As long as there is a strong reason for not to have offspring it is licit (ok, allowed) not to have it. I would not use the word ‘indifinitely’ for your resolution since circumstances may arise that could change the situation.
As a matter of fact, you should bear in mind that, with adequate care and strict observance of a correct medical treatment, heart is one of the strongest organs, if we leave apart liver.
Let me tell you the history of my father.
My father had its heart strongly damaged since he was 16 due to a terrible rheumatic arthritis. He passed exam after exam to get to work as bank clerk. But he failed time after time to pass the medical explorations. My grandfather took a loan and sent my father to one of the best heart doctors in Barcelona, Spain. After one year of treatment he finally passed a medical exam, worked 45 years for the Banco de Bilbao Vizcaya Argentaria (BBVA), had a son (that’s me) and cared of his wife, my mother, that, sadly, developed a schyzophrenia after her 31st birthday.
My father worked 8 hours every day, 6 days a week. But he followed strictly all medical advices.
He ate a lot of veggies, boiled fish, and white meats (chicken, turkey). He avoided salt, fat, fried meals, and red meats. He loved salami, but he never ate it. He never ate an hamburguer, or poured ketchup or mustard. Every mornig he ate two big slices of bread with olive oil and a glass of half skinned milk with brown sugar and some granulated soya lecitin, but not cookies, butter or margarine. He ate some cake at weddings but no sweets. He never smoke a cigarette, and never drank tea, coffe, or alcohol (nor wine, nor beer).
He did a lot of aerobic exercises (time-measured breathing, inspiration/expiration). He always slept 8 hours or more at night. He always got to bed and woke up about the same hour. He loved, I mean was driven crazy by, soccer. But I never remember him watching a match at TV, or hearing it by radio, o reading an sports newspaper. He loved films, but he never lost an hour of sleep by them.
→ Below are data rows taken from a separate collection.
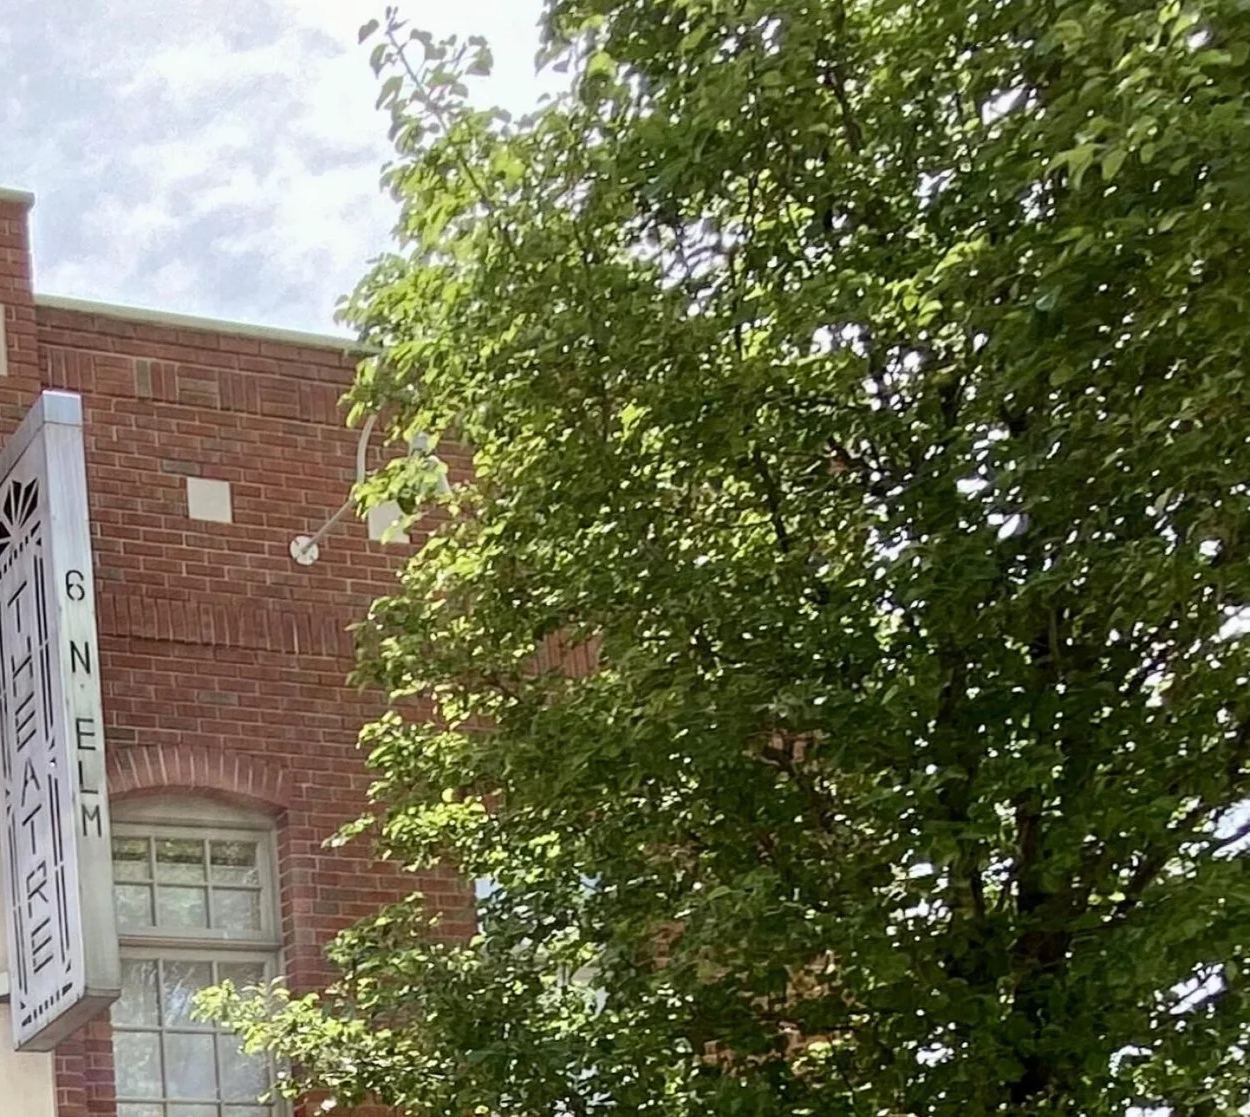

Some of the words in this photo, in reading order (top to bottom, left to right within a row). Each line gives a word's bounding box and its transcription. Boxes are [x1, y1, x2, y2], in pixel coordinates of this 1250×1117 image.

[7, 580, 54, 975] THEATRE
[64, 569, 86, 603] 6
[75, 717, 102, 838] ELM
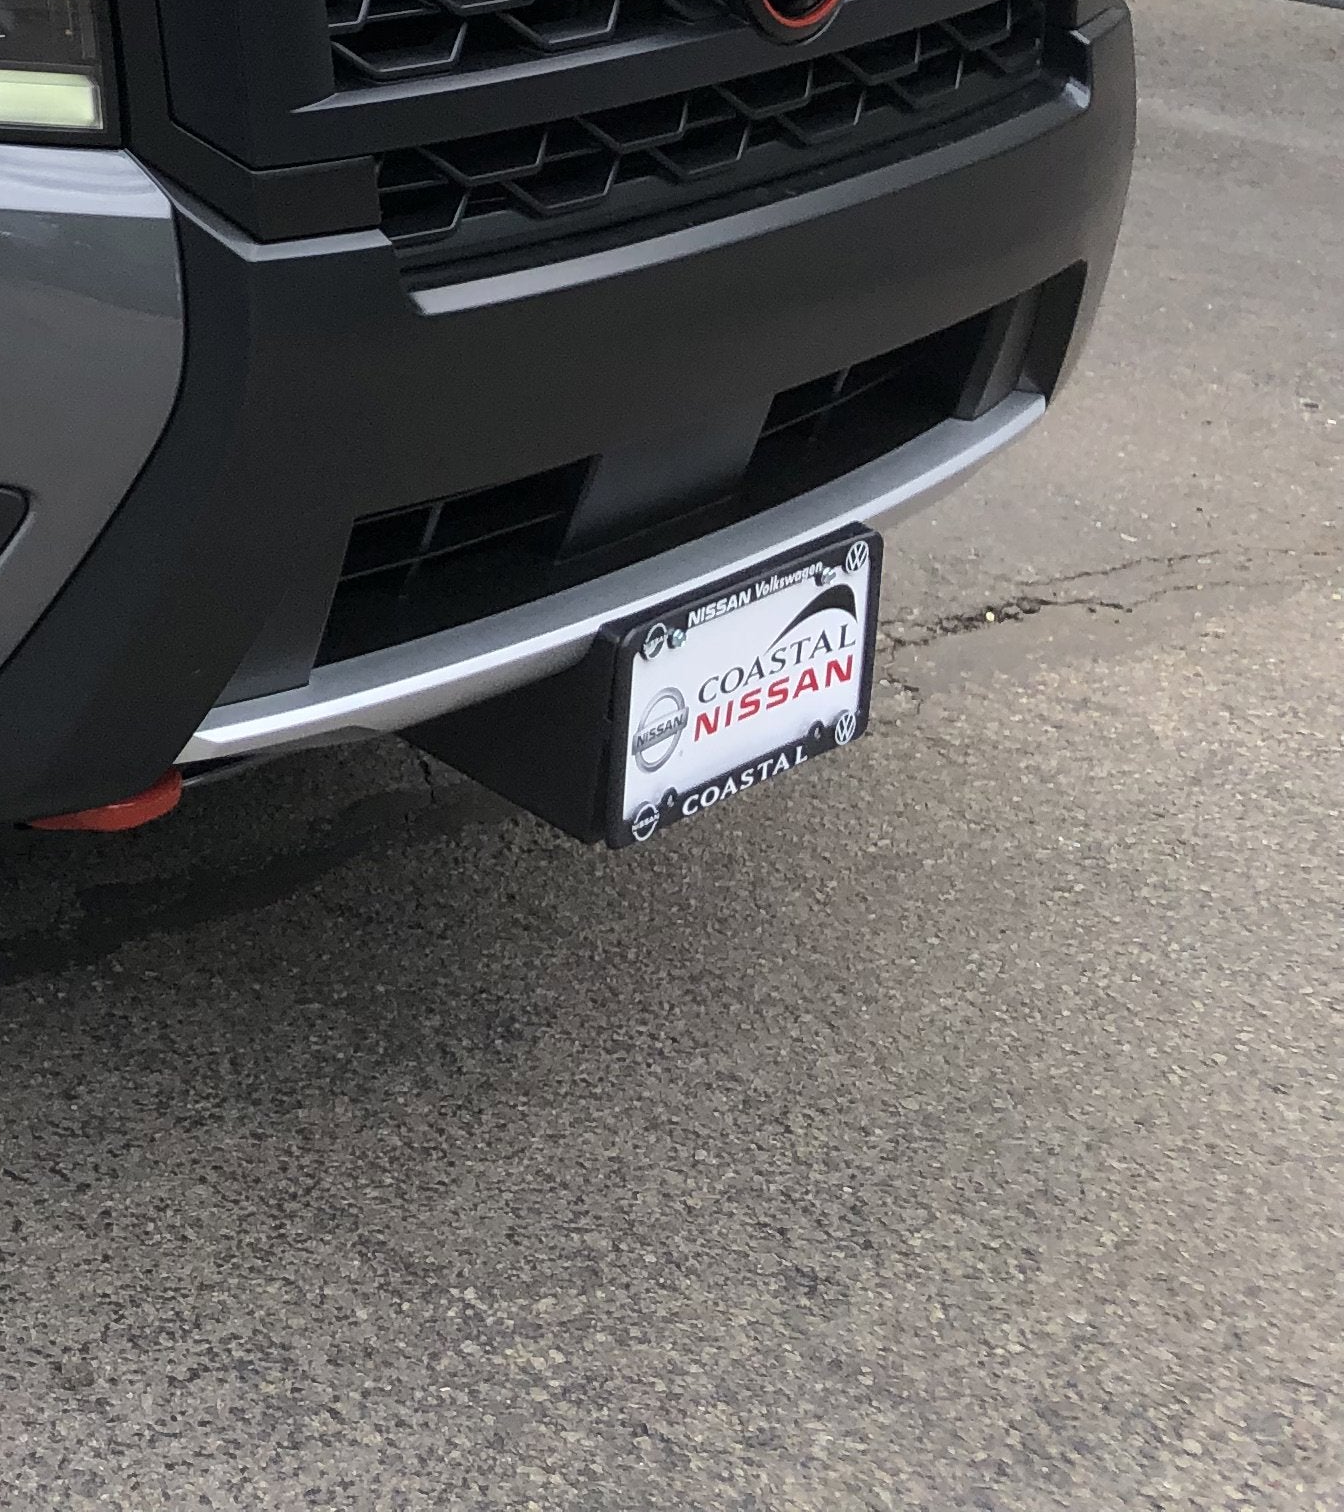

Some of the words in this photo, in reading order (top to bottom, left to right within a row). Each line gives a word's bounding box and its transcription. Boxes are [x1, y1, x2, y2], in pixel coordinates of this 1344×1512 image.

[687, 588, 752, 628] NISSAN
[755, 561, 823, 599] Volkswagen
[693, 654, 853, 741] NISSAN
[698, 624, 858, 704] COASTAL
[636, 714, 684, 748] NISSAN
[682, 745, 808, 817] COASTAL
He died at 68 by lack of medical attention at a public hospital during a week-end. Here in Spain, public hospitals are bigger, with more trained personal than most private ones. But they are run by civil servants. Someone took him out his daily SIMTROM pill and forgot to prescribe him a daily HEPARINA injection instead. Brilliant. Four days before I buried my father.
In Spain there are no trial lawyers since almost every service is public and all demands against public services are usually lost. Here in Murcia nobody has won a case against a hospital since 1975. Yes, at that time the dictator General Francisco Franco was still alive. Please, do not let anybody to fool you: public medicine is a public shame.
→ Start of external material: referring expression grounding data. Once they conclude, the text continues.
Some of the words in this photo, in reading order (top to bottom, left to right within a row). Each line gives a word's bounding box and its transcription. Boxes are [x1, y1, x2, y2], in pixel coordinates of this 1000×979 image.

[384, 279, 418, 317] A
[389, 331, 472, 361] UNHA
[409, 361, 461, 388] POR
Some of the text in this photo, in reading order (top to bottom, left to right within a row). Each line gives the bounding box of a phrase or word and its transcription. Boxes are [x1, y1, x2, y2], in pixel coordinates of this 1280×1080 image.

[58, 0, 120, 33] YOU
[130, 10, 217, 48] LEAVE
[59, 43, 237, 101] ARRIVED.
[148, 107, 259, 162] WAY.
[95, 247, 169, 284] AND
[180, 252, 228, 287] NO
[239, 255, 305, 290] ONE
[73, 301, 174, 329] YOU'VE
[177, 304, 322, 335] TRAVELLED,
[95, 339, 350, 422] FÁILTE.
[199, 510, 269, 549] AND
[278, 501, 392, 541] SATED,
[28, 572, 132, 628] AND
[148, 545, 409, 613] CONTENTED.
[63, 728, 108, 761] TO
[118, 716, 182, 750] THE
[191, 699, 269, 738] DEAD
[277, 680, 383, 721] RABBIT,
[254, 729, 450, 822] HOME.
My father’s spartan struggle with his illness rendered him victory. His ability to keep on going gave to his only son, madly spoiled, time to get back on Our Lord tracks. After endless searching, his wife got finally proper (private) medical treatment. At last both, my father and my mother, enjoyed more than 10 years of happines. Finally, both of them were able to enjoy their first grandson. Now my father enjoys two more grandsons from heaven. He played his cards, and he won the match.
Now my mother is in her 70s and, believe it or not, she is able to live alone (two streets down my house, of course). Some months ago I asked her about my father’s illnes. She said that she always knew that he was very ill and that she would had to cope with his early death. He has lived until 68. Although everyday she wish he would still be with her, she says that she is satisfied to have spent her life with him up until 68.
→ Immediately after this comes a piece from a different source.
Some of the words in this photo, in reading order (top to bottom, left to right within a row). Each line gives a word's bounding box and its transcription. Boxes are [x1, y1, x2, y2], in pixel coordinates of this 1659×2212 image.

Some years ago I worked with a woman at her mid 60s. She had to retire due to her heart illness. She was severily ill since she was a child. She married and wished a baby. She got pregnant against all medical opinion. She got her baby when she was 26. Now her “baby” is fortysomething. I remember that it was a sharp contrast to watch her always tired face and see the sparks on her eyes when she spoke of her daughter! When I switched to another work I lost contact with her.
That’s the history of my father’s heart with a little addenda (addition). I know that you weren’t asking for all that I have told you, but in such circumstances more questions will arise. Sometimes there is no better practical advice that hear of somenone’s way of coping with similar problems.
Now you can decide what you should do. You must be wise, but you must not let fear reign over your heart and your life. Since Christ gave His blood for all of us, what should we have fear of?
Remember: Deus providebit! (God will provide).
Forgive me the extension of my reply.
LAUS DEO VIRGINIQUE MATRI.
(Glory be to God and to the Virgin mother).